Copy all the records exactly, but keep the pictures out of your version.

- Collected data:
━━━━━━━━━━━━━━━━━━━━━━━━━━━━━━

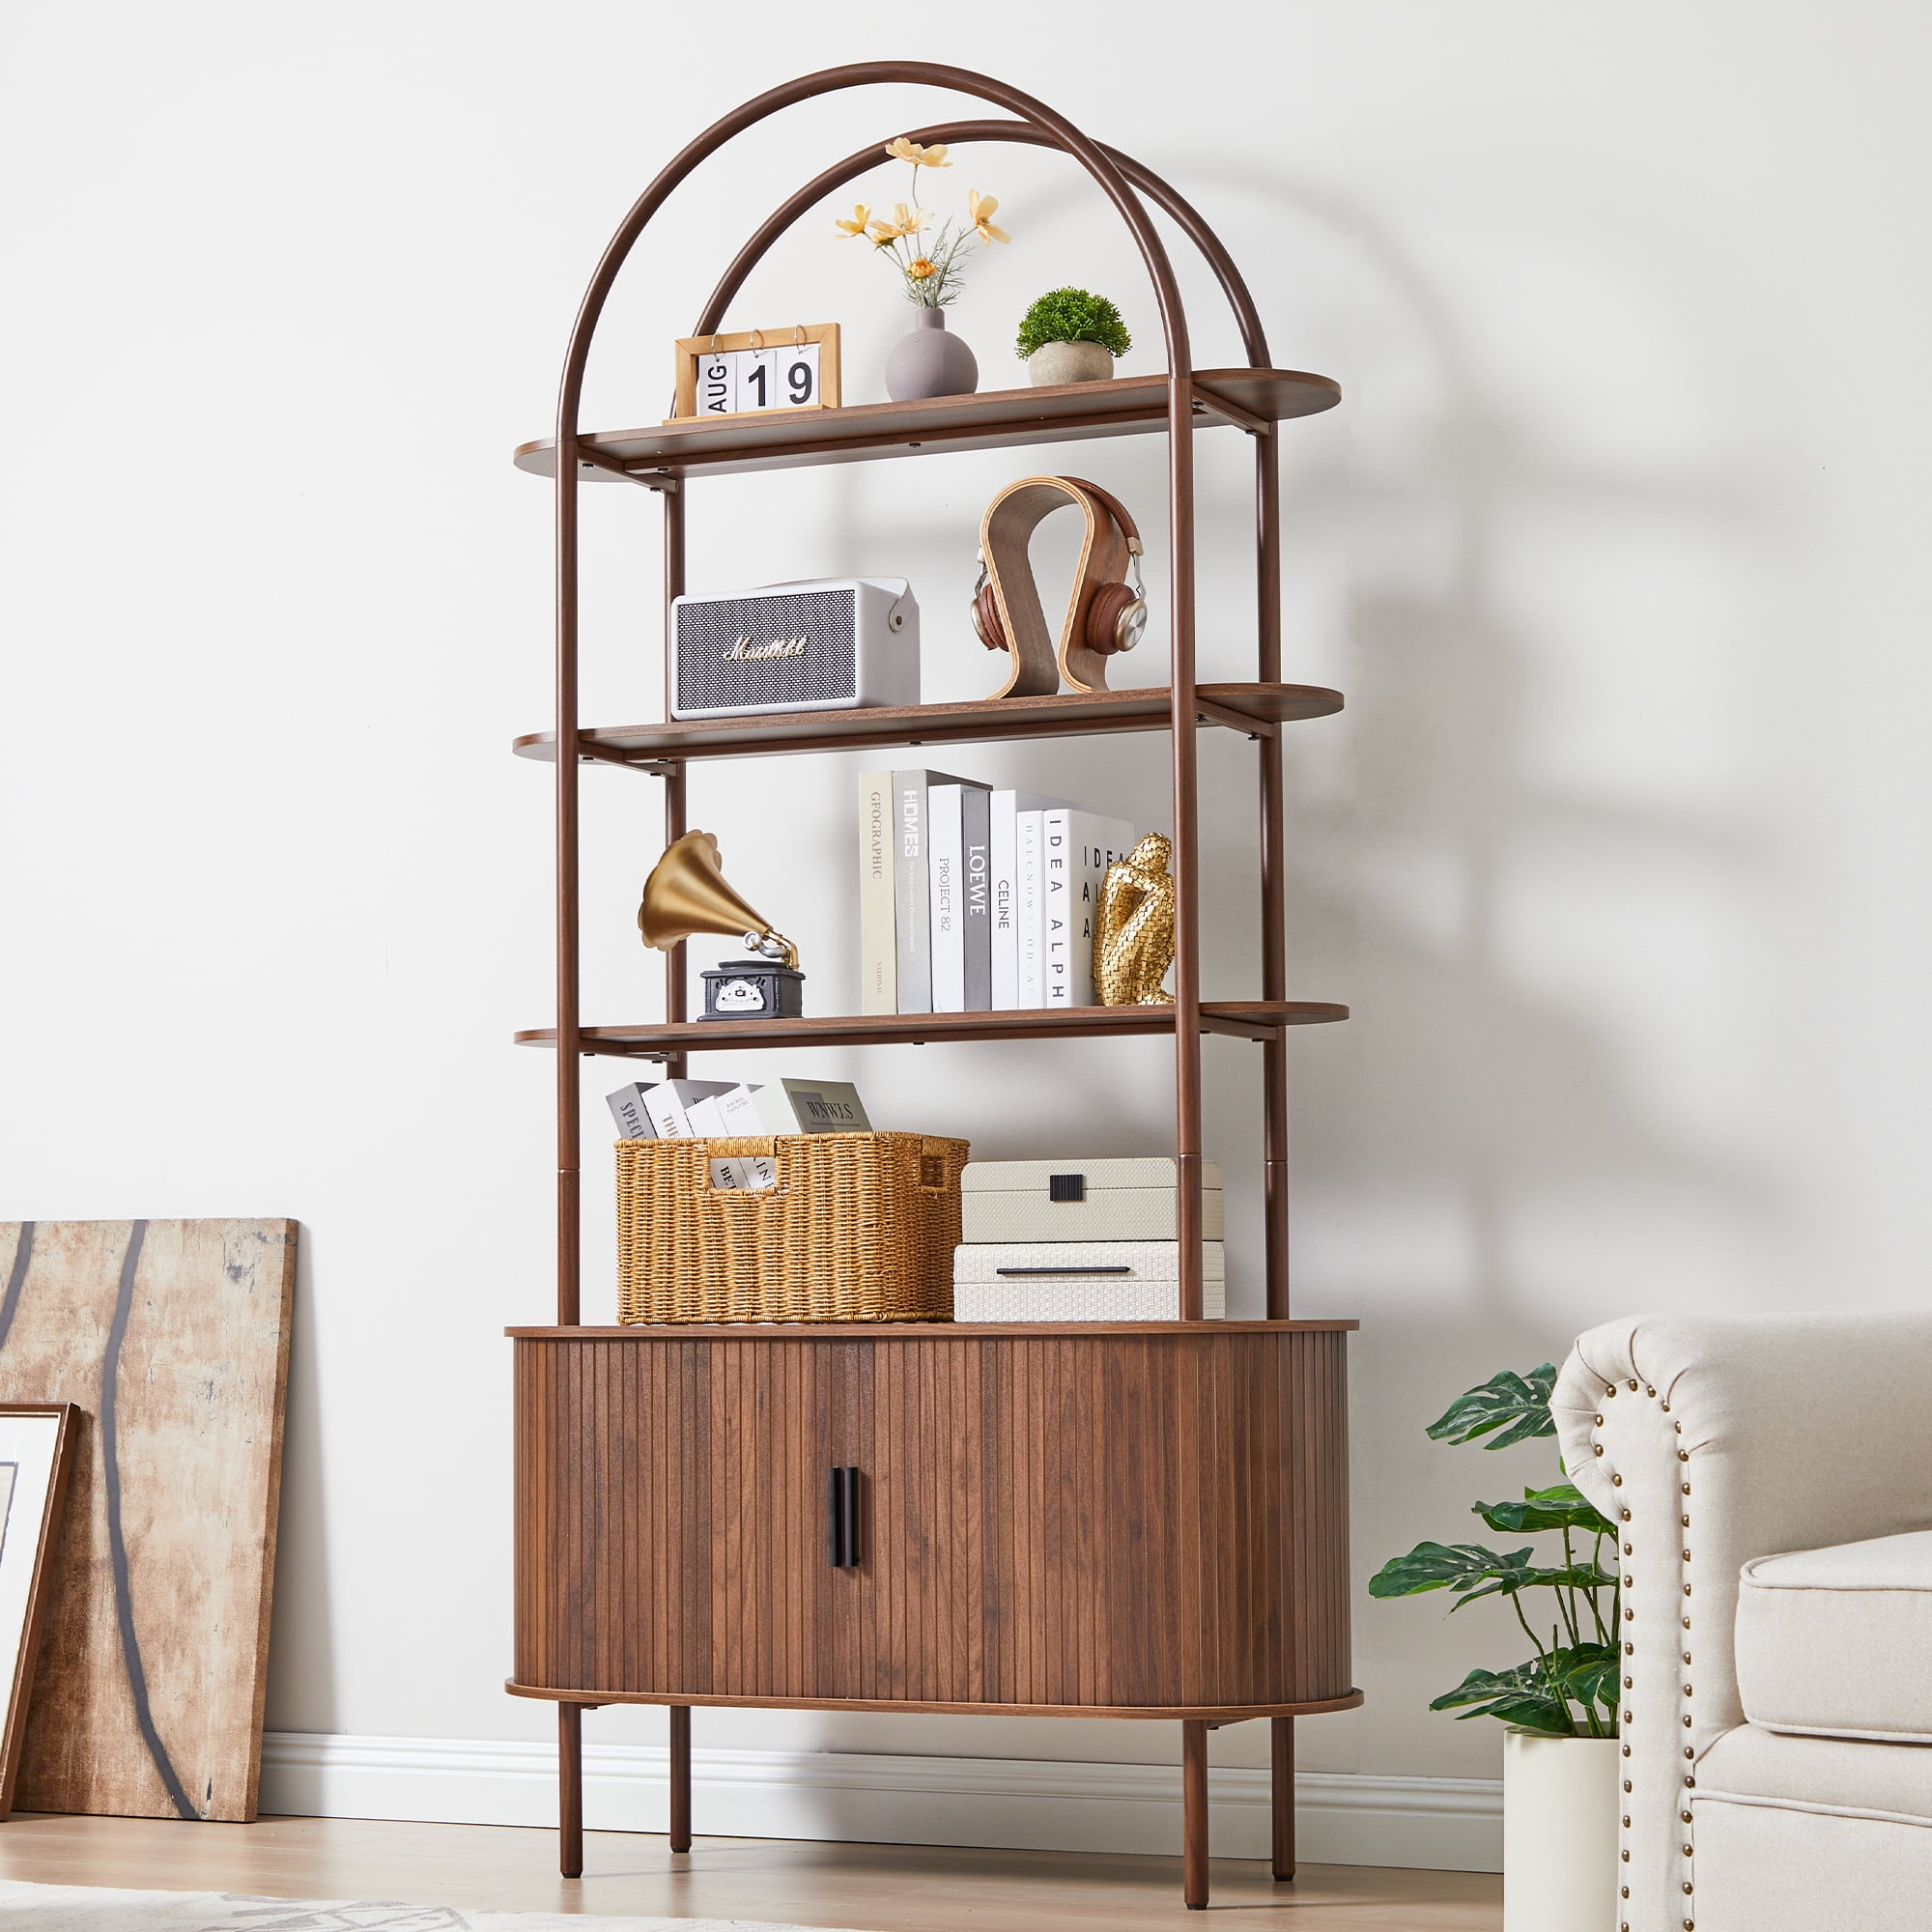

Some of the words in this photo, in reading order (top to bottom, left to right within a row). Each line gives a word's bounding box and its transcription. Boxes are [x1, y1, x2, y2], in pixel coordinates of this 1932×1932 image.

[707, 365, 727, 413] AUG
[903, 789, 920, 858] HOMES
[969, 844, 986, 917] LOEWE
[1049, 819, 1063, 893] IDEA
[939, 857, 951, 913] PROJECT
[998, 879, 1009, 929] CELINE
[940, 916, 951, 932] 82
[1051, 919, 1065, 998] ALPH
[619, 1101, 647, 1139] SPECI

━━━━━━━━━━━━━━━━━━━━━━━━━━━━━━

- SOLUTION BELOW:
Some of the words in this photo, in reading order (top to bottom, left to right within a row). Each line gives a word's bounding box and its transcription. Boxes are [x1, y1, x2, y2], in pixel coordinates of this 1932×1932 image.

[707, 365, 727, 413] AUG
[903, 789, 920, 858] HOMES
[969, 844, 986, 917] LOEWE
[1049, 819, 1063, 893] IDEA
[939, 857, 951, 913] PROJECT
[998, 879, 1009, 929] CELINE
[940, 916, 951, 932] 82
[1051, 919, 1065, 998] ALPH
[619, 1101, 647, 1139] SPECI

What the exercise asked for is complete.